Solar flow battery breakthrough combines PV generation and storage in one device

Professor Song Jin, left, and graduate student Wenjie Li

A US-led research collaboration including a team of PV scientists from Australia has produced an ultra-efficient and long-lasting solar flow battery – a way to generate, store and re-deliver renewable electricity from the sun in one device, Renew Economy reports.

Chemists from the Song Jin lab at the University of Wisconsin-Madison said on Tuesday that the new device was made of silicon solar cells combined with advanced solar materials and integrated with optimally designed chemical storage components.

Essentially, they combine the advantages of photovoltaic cells that convert sunlight into electricity with the advantages of flow batteries, which use tanks of chemicals that can react to produce electricity and be recharged by the solar cells.

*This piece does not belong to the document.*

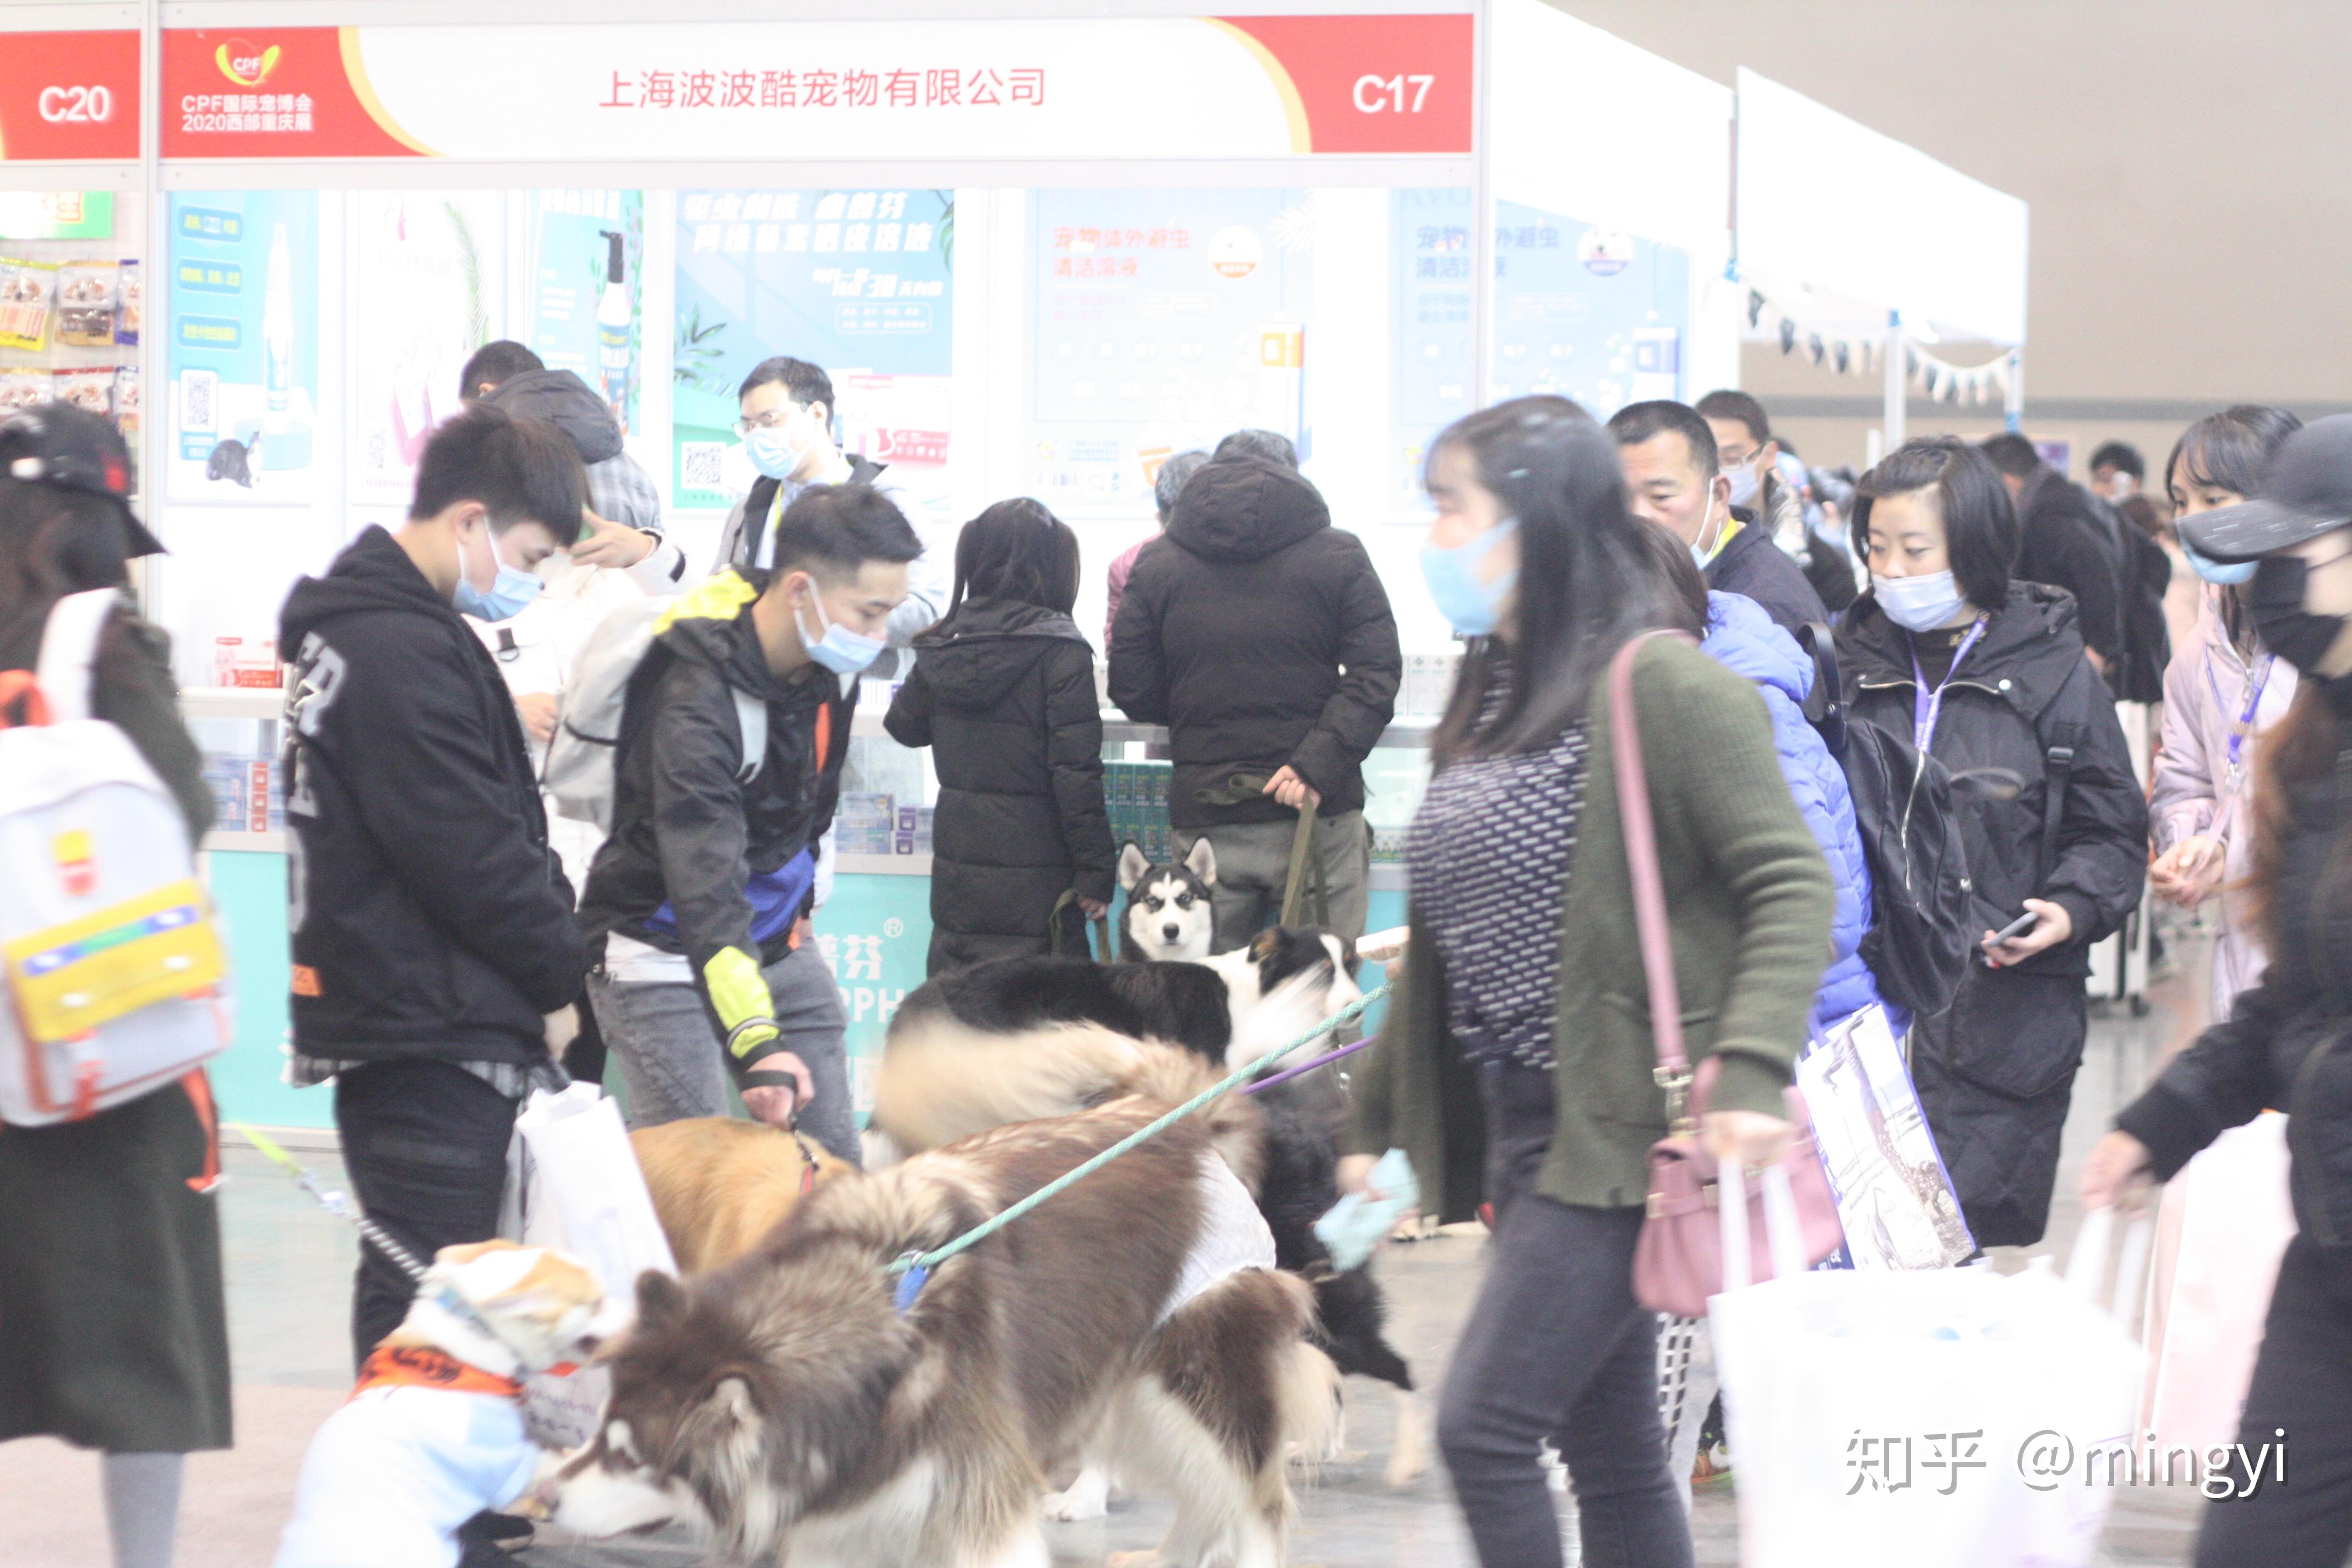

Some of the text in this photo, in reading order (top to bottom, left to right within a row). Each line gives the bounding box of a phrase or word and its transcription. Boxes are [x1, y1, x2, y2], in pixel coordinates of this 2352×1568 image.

The research team says that the solar flow battery produced through the collaboration has set a new record efficiency of 20 per cent, besting most commercially available silicon solar cells, and was 40 per cent more efficient than the previous record holder for solar flow batteries, also developed by the Jin lab.

The work was done in collaboration with researchers from the University of New South Wales and the University of Sydney in Australia, Utah State University, King Abdullah University of Science and Technology in Saudi Arabia and the City University of Hong Kong. It was published on July 13 in the journal Nature Materials.

Lead author of the study, UW–Madison graduate student Wenjie Li, said that while solar flow batteries were years away from commercialisation, they offered the potential to provide reliable electricity generation and storage for lighting, cell phones or other fundamental uses for homes in remote areas.

On the solar side, the team tapped halide perovskites, the solar conversion efficiency of which has dramatically increased from a few per cent to over 25 per cent in 10 years. To this, they added silicon, which remains key for making a stable device that can withstand the chemicals in a flow battery.

And this is where the Australian team came into play. Professor Anita Ho-Baillie (Uni Syd) and postdoctoral researcher Jianghui Zheng (UNSW) fabricated the perovskite-silicon solar cells with an additional protection layer on the silicon surface and shipped them to Wisconsin for testing.

“Our motivation for the design of the solar cell was to combine these two materials together so we have both high efficiency and good stability,” said Li.

For the flow battery, Li used theoretical modelling to select a pair of chemicals to operate at the ideal voltage based on the characteristics of the solar cell, maximising efficiency. The chemicals are readily available, cheap organic compounds which are dissolved in a benign water solution of table salt rather than strong acids.